----- Study material -----

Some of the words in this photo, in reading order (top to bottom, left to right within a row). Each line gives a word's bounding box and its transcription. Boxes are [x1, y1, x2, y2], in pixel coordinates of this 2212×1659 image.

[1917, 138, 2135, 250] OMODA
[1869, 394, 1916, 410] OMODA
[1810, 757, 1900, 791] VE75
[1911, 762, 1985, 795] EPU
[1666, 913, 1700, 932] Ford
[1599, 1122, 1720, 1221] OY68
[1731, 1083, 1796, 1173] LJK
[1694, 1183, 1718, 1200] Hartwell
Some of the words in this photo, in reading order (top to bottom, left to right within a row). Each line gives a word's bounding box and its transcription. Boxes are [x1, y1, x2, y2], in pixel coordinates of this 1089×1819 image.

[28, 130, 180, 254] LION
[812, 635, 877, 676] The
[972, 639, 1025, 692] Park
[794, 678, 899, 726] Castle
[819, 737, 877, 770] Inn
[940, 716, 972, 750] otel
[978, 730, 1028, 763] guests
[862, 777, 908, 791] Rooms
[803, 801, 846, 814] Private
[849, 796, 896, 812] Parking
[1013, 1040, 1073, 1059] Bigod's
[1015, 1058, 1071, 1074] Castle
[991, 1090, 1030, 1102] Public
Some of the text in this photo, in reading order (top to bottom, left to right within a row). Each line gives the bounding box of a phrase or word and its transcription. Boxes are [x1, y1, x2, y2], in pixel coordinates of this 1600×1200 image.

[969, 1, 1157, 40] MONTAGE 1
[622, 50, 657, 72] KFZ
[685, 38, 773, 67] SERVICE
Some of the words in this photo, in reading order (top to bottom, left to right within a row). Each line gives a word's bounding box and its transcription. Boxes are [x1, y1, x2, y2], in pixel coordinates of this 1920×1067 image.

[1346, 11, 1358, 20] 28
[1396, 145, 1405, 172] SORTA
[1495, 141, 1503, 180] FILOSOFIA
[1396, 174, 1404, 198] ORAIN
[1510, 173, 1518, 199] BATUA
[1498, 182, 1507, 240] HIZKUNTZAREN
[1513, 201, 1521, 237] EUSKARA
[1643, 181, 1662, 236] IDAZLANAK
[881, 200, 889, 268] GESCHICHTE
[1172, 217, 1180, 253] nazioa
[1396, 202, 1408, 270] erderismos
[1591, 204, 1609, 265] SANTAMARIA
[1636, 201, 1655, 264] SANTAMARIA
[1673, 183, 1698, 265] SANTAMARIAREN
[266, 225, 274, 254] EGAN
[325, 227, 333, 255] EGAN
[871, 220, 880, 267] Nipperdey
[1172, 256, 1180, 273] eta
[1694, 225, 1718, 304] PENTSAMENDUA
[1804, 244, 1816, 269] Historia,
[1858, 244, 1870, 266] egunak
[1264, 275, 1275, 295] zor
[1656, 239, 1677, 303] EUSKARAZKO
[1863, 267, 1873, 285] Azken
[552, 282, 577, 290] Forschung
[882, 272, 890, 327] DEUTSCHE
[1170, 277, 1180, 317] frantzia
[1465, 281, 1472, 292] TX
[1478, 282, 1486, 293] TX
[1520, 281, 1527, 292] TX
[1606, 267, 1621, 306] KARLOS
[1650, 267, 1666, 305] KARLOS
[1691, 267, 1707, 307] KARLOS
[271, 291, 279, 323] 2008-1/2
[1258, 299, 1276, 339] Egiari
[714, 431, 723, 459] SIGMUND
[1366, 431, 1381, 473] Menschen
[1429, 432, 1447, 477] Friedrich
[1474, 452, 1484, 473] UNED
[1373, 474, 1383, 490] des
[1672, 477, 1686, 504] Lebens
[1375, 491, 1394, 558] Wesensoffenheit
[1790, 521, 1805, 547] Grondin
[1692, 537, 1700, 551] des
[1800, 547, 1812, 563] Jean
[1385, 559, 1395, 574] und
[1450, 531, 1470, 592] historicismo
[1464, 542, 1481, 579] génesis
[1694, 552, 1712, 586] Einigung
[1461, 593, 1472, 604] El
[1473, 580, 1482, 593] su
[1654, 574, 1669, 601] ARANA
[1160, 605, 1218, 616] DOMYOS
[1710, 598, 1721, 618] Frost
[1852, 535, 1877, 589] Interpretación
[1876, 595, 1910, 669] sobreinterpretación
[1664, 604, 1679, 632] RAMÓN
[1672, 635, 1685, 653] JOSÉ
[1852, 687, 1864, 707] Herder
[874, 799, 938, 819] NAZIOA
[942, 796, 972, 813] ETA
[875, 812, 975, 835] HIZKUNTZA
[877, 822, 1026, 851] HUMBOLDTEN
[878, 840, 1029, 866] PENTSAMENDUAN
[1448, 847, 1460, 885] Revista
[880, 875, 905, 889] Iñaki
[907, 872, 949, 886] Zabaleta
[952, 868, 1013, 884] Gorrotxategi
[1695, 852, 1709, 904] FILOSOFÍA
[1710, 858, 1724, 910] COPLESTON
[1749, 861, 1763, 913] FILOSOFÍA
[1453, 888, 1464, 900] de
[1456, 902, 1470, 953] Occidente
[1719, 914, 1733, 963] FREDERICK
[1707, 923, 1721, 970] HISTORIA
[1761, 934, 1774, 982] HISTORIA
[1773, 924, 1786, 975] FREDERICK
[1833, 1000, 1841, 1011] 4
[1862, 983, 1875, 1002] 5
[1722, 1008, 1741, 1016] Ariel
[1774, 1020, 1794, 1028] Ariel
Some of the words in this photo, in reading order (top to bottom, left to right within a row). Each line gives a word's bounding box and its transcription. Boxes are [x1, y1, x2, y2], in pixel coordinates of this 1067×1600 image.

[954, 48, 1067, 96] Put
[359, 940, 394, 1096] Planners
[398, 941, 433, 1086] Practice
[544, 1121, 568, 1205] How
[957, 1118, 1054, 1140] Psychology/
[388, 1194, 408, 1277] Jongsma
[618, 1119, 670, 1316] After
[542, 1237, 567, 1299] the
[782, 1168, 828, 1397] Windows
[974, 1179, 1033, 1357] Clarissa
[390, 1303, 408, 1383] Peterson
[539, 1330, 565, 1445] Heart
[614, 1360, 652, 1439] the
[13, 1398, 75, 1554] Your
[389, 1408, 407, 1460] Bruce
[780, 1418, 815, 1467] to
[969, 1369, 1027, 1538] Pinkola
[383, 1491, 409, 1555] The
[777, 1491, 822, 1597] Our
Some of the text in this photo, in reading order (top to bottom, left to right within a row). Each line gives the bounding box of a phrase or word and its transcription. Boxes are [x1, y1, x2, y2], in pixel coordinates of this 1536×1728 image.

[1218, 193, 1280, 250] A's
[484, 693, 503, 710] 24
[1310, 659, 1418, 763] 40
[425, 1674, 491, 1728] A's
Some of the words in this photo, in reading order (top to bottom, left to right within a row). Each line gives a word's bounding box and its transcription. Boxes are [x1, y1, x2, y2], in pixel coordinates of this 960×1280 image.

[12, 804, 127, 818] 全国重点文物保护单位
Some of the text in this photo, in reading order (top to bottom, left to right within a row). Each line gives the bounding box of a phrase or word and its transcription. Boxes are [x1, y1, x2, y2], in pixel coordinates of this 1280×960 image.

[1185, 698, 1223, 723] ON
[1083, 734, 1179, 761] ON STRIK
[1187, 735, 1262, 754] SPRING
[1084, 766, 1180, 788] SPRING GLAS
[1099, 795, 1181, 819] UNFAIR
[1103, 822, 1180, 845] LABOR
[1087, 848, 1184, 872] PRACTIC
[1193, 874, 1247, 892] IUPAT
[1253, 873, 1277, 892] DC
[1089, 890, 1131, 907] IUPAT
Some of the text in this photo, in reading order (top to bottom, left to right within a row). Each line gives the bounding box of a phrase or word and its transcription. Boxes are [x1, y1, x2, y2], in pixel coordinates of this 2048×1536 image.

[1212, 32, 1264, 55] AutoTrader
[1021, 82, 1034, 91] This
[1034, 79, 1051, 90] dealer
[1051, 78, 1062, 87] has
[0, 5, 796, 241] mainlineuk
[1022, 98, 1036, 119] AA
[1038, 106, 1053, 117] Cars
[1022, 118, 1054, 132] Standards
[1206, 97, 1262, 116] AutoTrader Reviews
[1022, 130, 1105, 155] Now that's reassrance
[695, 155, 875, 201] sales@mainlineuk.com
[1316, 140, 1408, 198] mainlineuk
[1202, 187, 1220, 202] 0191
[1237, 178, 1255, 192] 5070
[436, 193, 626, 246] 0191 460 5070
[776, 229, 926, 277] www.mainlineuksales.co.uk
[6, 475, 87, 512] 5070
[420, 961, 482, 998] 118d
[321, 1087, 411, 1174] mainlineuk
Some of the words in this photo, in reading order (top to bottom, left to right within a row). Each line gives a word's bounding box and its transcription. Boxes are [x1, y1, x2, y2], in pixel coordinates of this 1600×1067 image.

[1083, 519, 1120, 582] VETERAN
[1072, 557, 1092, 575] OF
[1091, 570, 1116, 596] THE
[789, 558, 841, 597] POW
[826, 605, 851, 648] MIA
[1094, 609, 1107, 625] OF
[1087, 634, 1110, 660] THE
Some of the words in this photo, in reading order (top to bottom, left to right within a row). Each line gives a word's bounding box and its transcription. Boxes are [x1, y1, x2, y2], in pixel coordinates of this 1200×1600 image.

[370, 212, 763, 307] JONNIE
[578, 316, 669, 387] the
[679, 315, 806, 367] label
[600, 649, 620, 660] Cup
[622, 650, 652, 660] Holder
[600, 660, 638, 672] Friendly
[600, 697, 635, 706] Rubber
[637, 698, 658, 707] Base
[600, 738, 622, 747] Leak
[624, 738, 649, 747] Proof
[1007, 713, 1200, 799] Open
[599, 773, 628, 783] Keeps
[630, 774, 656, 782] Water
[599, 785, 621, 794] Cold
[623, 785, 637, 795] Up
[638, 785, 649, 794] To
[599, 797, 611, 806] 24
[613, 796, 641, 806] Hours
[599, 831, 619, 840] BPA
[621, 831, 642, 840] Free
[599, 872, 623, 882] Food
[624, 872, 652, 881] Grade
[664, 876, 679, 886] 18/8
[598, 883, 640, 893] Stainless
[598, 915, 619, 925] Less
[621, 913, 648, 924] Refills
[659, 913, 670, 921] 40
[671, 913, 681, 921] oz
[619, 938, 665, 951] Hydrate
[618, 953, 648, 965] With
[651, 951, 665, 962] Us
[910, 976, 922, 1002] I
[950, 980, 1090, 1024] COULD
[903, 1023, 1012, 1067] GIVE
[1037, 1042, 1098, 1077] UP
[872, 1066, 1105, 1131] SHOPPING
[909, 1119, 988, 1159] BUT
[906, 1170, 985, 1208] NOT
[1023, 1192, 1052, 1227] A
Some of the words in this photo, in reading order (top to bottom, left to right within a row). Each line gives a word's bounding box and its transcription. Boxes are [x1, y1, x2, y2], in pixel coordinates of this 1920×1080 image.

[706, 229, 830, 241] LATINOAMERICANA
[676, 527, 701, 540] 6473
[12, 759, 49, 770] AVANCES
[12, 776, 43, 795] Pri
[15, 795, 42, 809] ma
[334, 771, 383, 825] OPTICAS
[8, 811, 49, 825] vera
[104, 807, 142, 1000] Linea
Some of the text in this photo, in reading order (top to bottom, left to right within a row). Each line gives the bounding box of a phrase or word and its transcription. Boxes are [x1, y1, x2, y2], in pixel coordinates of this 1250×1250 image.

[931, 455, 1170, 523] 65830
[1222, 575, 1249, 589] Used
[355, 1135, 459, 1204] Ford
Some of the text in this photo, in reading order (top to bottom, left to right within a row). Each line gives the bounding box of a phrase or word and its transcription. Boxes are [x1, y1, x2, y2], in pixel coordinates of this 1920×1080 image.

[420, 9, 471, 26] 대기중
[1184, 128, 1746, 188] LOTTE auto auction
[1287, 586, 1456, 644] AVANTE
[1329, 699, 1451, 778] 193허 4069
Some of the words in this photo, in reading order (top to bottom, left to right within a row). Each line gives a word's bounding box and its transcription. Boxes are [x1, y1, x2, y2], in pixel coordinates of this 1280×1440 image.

-----

## [What this task involves]
Please give a word-for-word repetition of the lines from the one containing "this 1250×1250 image." through the last line of the data above, including both, and nothing besides.

## [Answer box]
Some of the text in this photo, in reading order (top to bottom, left to right within a row). Each line gives the bounding box of a phrase or word and its transcription. Boxes are [x1, y1, x2, y2], in pixel coordinates of this 1250×1250 image.

[931, 455, 1170, 523] 65830
[1222, 575, 1249, 589] Used
[355, 1135, 459, 1204] Ford
Some of the text in this photo, in reading order (top to bottom, left to right within a row). Each line gives the bounding box of a phrase or word and its transcription. Boxes are [x1, y1, x2, y2], in pixel coordinates of this 1920×1080 image.

[420, 9, 471, 26] 대기중
[1184, 128, 1746, 188] LOTTE auto auction
[1287, 586, 1456, 644] AVANTE
[1329, 699, 1451, 778] 193허 4069
Some of the words in this photo, in reading order (top to bottom, left to right within a row). Each line gives a word's bounding box and its transcription. Boxes are [x1, y1, x2, y2], in pixel coordinates of this 1280×1440 image.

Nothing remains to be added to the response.